* **Description of the task**:
Make an exact copy of the records, omitting all images.

Free-text object descriptions
○ ○ ○ ○

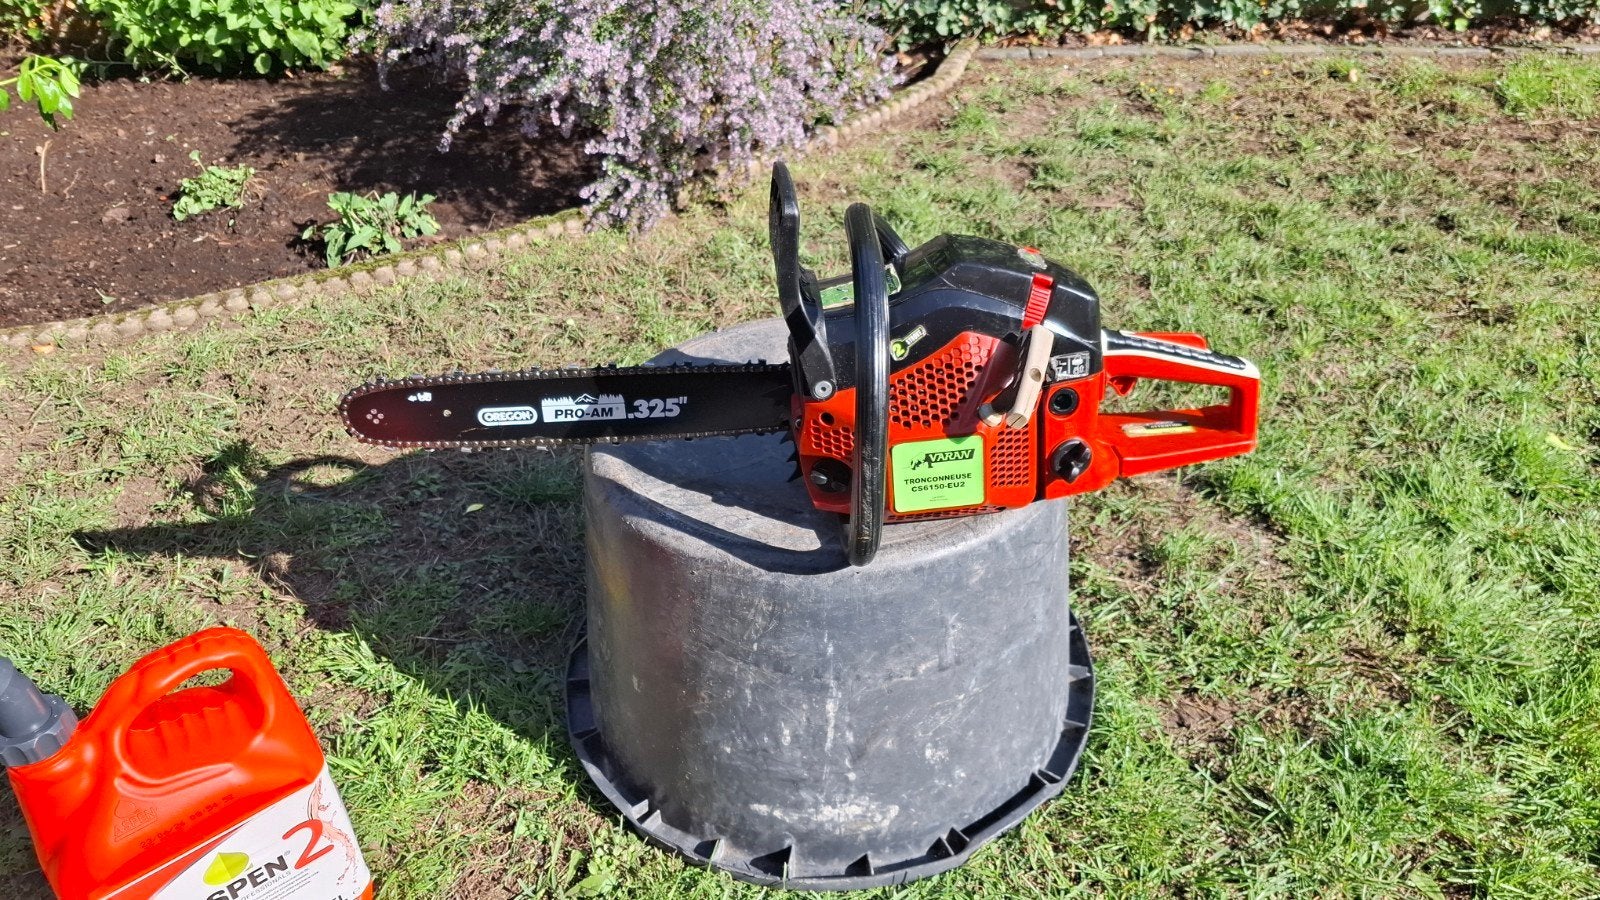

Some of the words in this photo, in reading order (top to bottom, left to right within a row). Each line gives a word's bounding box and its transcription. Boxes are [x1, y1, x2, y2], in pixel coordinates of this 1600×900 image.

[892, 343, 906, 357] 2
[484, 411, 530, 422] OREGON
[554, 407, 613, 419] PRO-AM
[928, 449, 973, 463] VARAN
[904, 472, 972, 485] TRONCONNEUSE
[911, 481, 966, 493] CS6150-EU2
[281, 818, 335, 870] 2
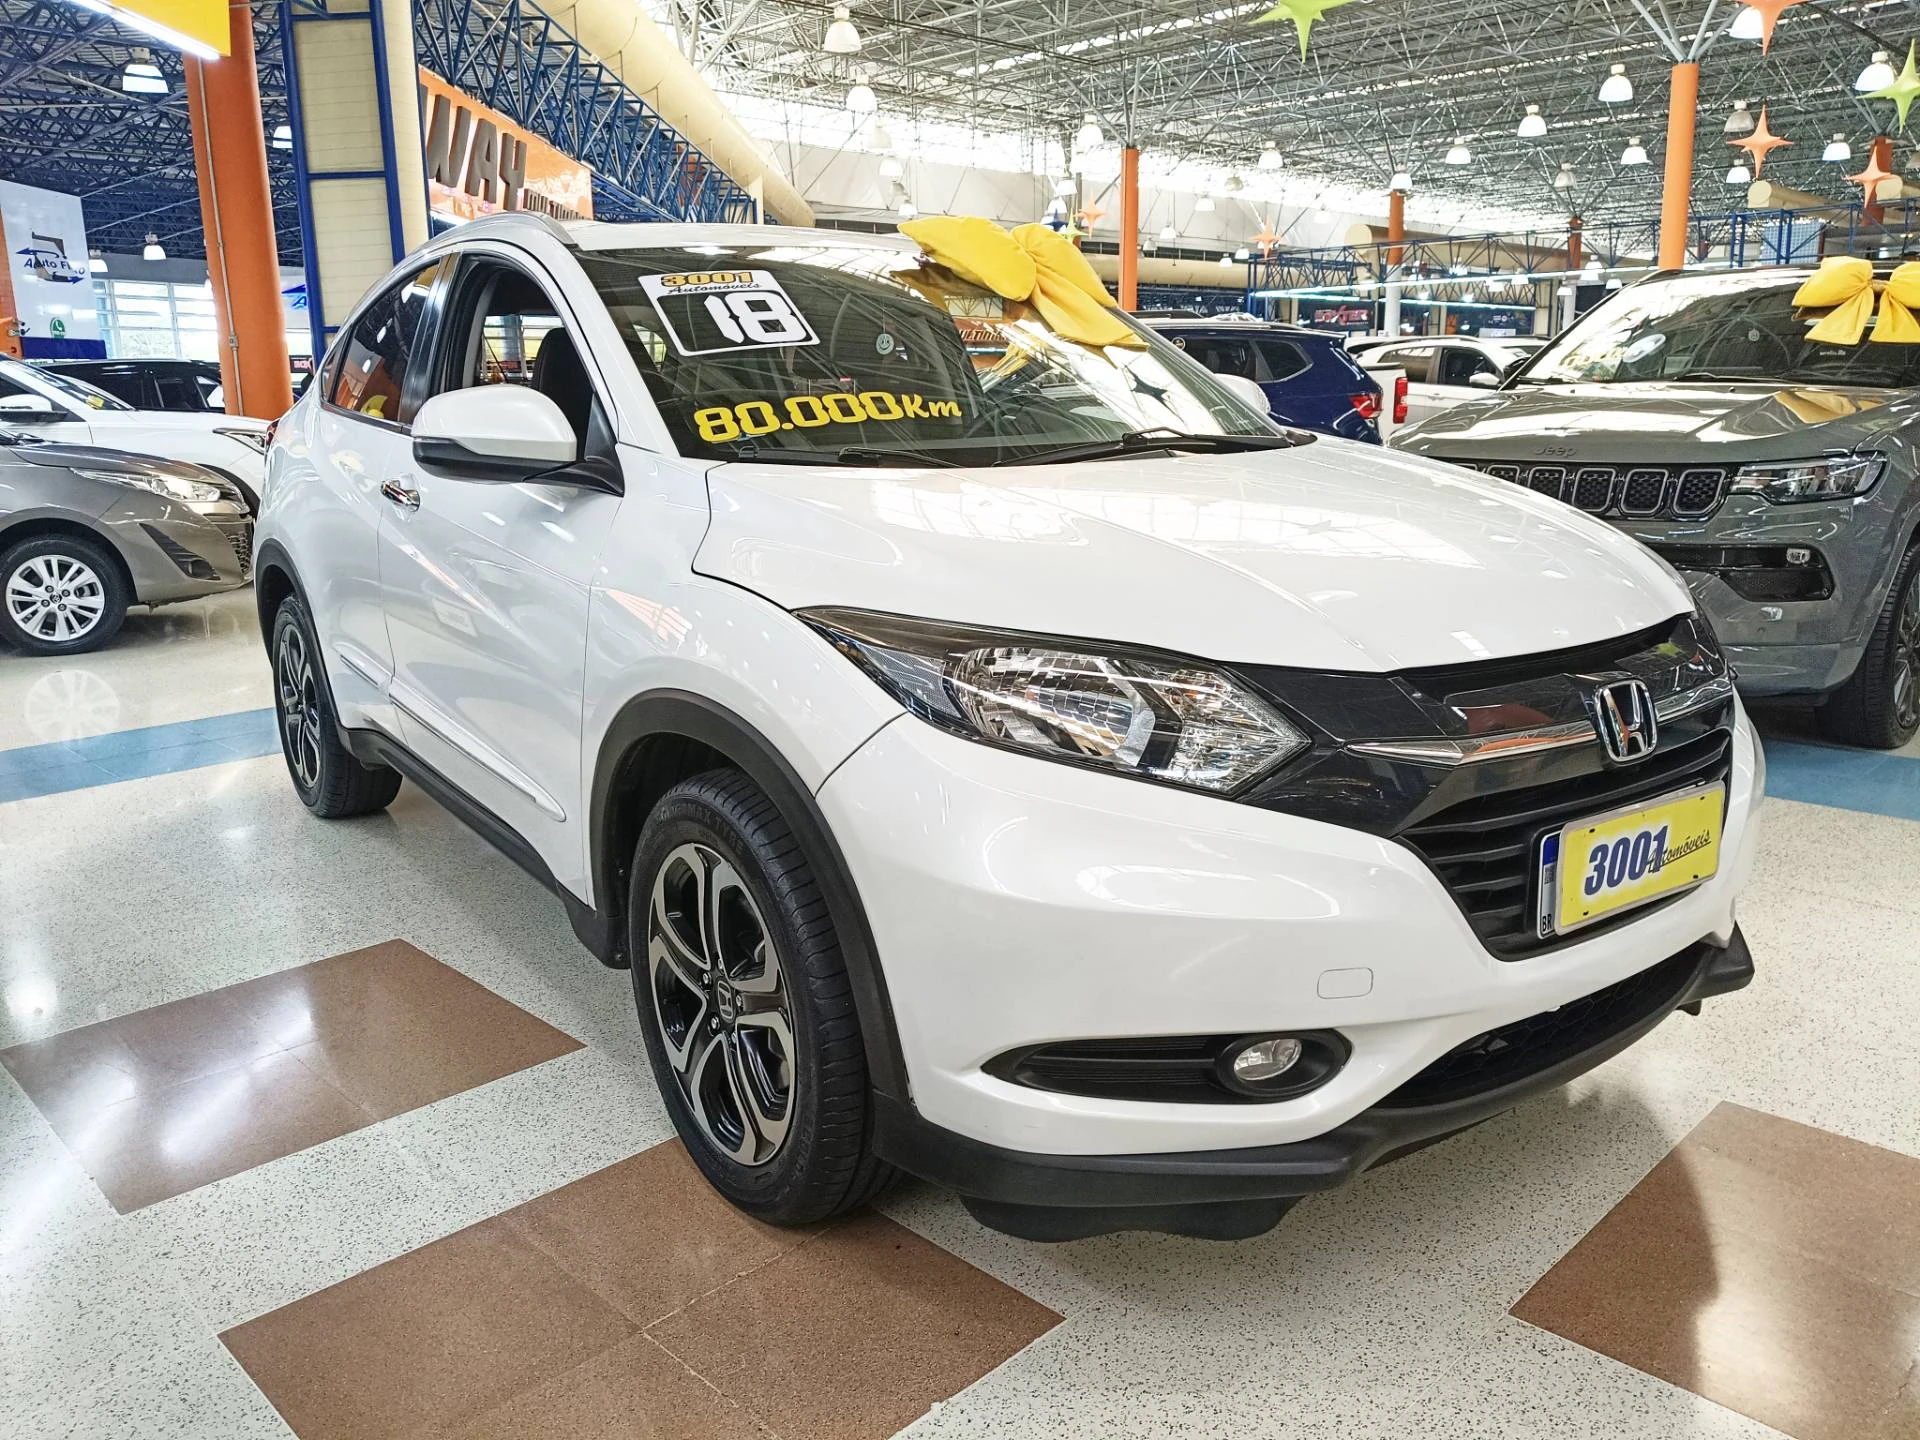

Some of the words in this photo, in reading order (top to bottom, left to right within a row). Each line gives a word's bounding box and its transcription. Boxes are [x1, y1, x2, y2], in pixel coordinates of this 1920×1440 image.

○ ○ ○ ○

* **Solved exercise**:
Some of the words in this photo, in reading order (top to bottom, left to right within a row). Each line gives a word's bounding box and its transcription. Boxes are [x1, y1, x2, y2], in pixel coordinates of this 1600×900 image.

[892, 343, 906, 357] 2
[484, 411, 530, 422] OREGON
[554, 407, 613, 419] PRO-AM
[928, 449, 973, 463] VARAN
[904, 472, 972, 485] TRONCONNEUSE
[911, 481, 966, 493] CS6150-EU2
[281, 818, 335, 870] 2

Some of the words in this photo, in reading order (top to bottom, left to right within a row). Each line gives a word's bounding box and its transcription. Boxes are [x1, y1, x2, y2], in pixel coordinates of this 1920×1440 image.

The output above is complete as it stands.